On the way into the Badlands, the weather took a turn and the mud turned into gumbo. As soon as we got to the campsite-which was much farther of a drive than any of us anticipated-the sky fell out and the wind picked up. At this point, the wind was around 20 mph and the temperature was dropping into the low 60’s. Even in the weather, we set up camp (three soaked tents), and began to cook venison on Nic’s camping stove. We finally warmed up a little bit, thanks to a hot meal and a little anxiety from a bison lurking closeby, and packed into the tent around 10 PM. The night wasn’t too bad once we got warm, but waking up to coyotes and bison right outside the tent was unexpected. We packed everything carefully in the car although we still ended up covered with mud, and headed out of there as fast as we could.
DAY 4
We headed to Wall, South Dakota to fuel up and eat a good meal. There we decided to add on an extra hour of driving in order to see Mount Rushmore. And man, was it worth it. First, we stopped at Wounded Knee memorial on the Lakota reservation to see the monument and talk to natives about their tribe. Here, the descendants from the survivors worked to preserve the primitivity of the people. They lived off of the money they made selling handmade jewelry and other crafts, but it was not enough to resolve the tribe’s 92% unemployment rate. They resisted the urge to build casinos and commercial tourist areas on the land, although it would improve their living conditions exponentially.
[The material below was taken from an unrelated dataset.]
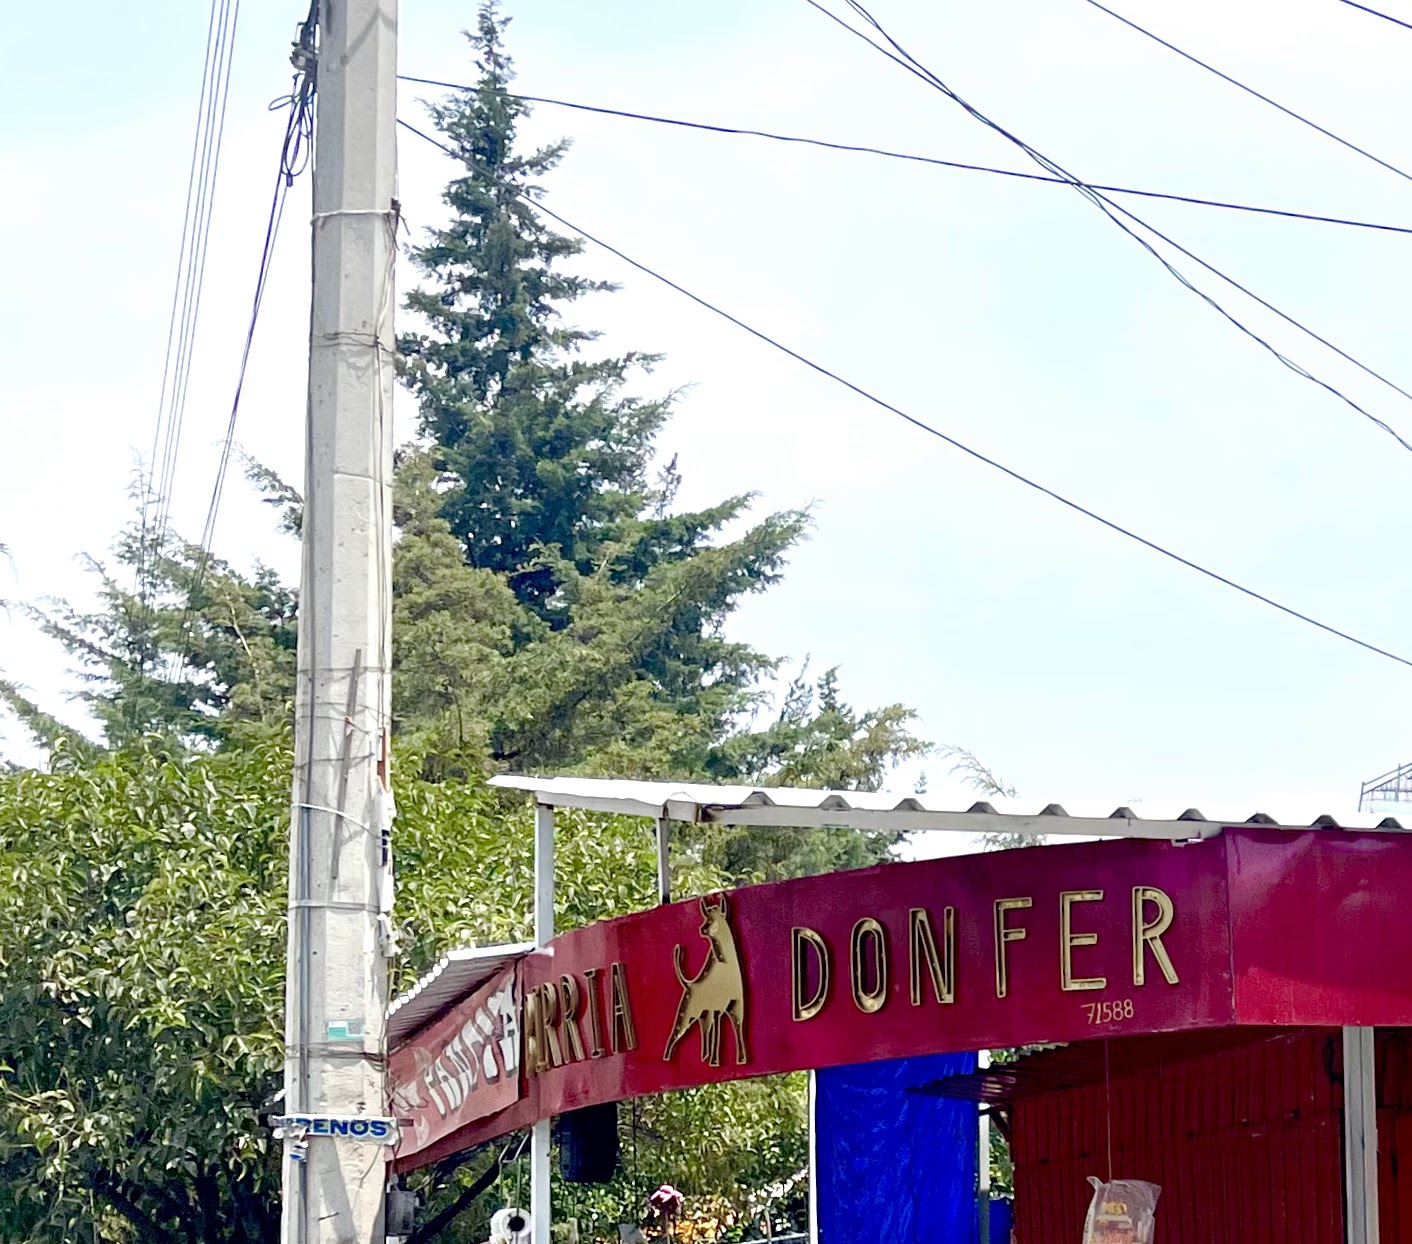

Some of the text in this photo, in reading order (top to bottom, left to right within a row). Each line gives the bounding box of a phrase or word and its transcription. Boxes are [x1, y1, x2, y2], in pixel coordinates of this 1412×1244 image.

[791, 906, 954, 1022] DON
[994, 886, 1179, 999] FER
[1080, 999, 1134, 1025] 71588
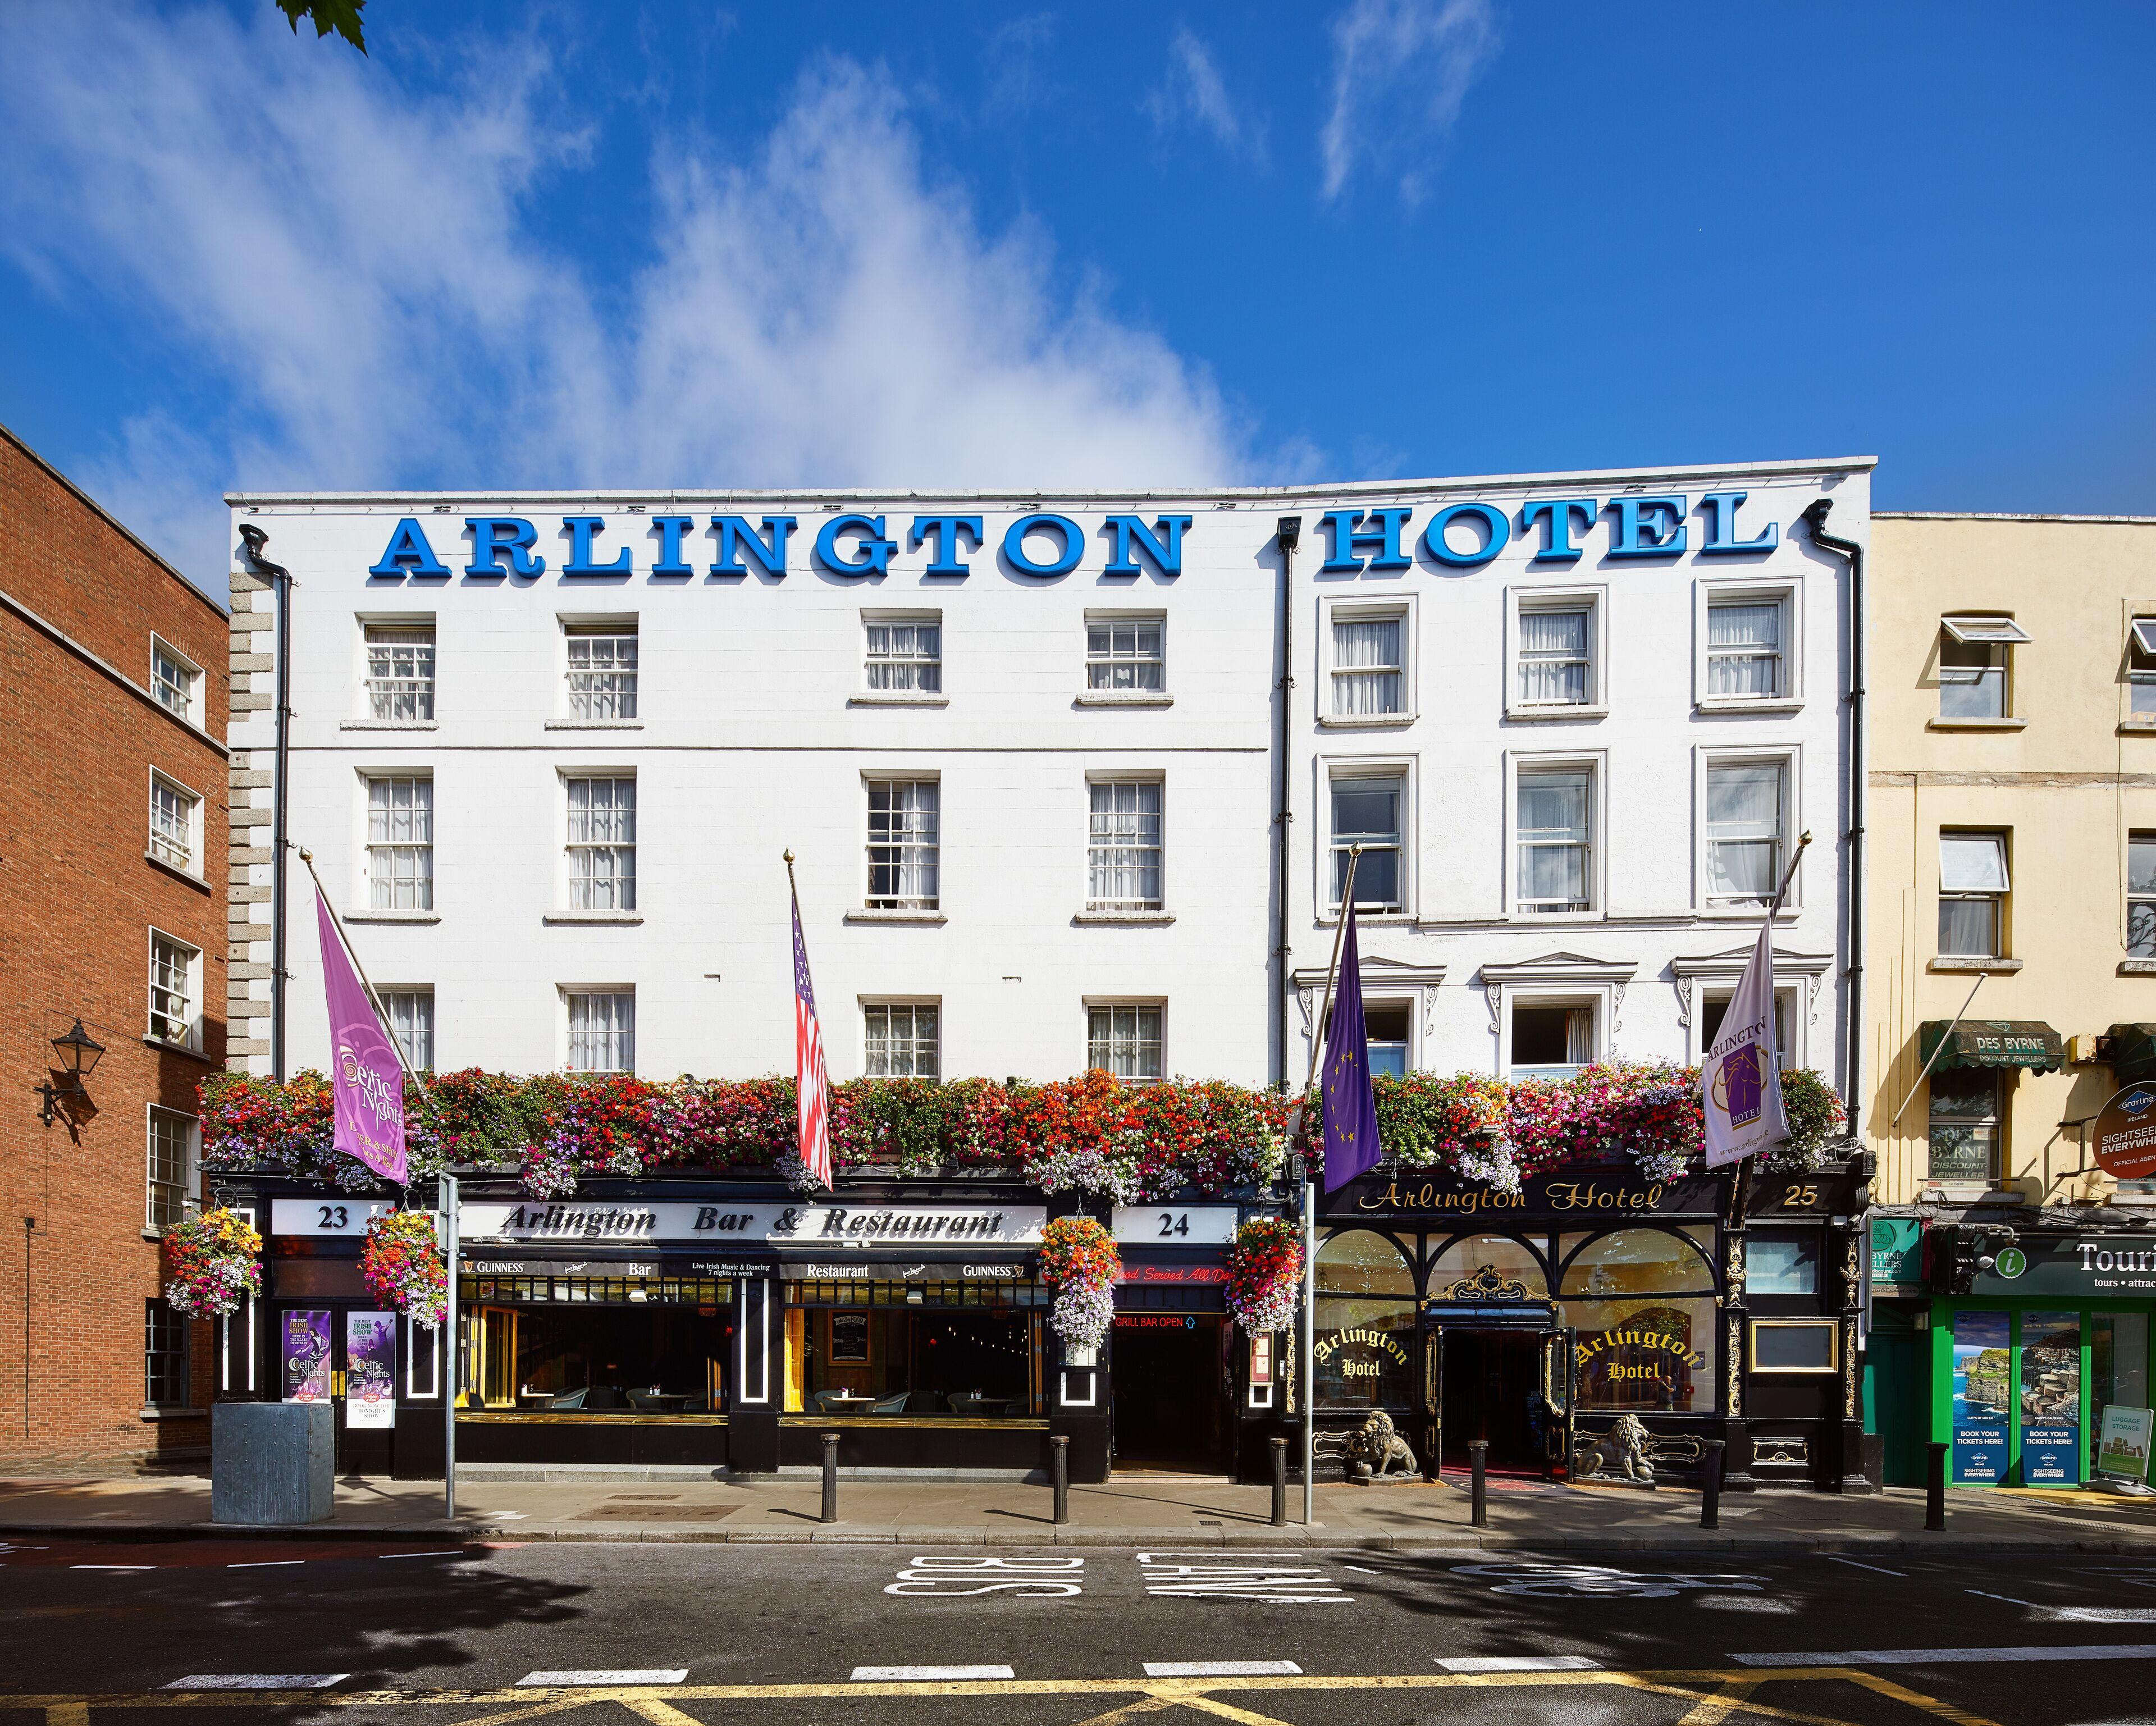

Mount Rushmore was our next stop. I had heard a lot of people say that it was unlike their preconceived expectations, and that is very true. Although  it is “only a carved rock”, it has a unique beauty to it that really takes your breath away. I was in awe of the preservation of the rock as well as the accurate representations of each president. It was as if their expressions on the rock represented their authority in the country as well as the pride they shared. Although they had destroyed a segment of the spiritual journey taken by the Lakota, the monument brought a positive stigma for Americans to the Black Hills that had not been there before. The rocks also shone in the sunlight-the weather was so beautiful, which was such a nice change from the badlands-because of the quartz and mica schist that added a sparkle. The faces, however, were whitewashed to show off the fine-grained granite. This landmark was surely an honor to be able to view.
From Mount Rushmore, we headed across Wyoming for a short time and into Montana. Driving across MT was much less exciting than we had expected. Long stretches of nothing and no service, which resulted in lots of time listening to the Annie sing, searching the landscape for Pronghorn, and short naps. But we made it to Billings late in the afternoon and met Nic’s friends for dinner at an authentic Mexican restaurant. We also hit up Cabela’s and Walmart for all our food and gear needs. Then we made it to the ranch house! It was so much more beautiful than any of us expected, and, let me just tell you how great it was to sleep in a bed.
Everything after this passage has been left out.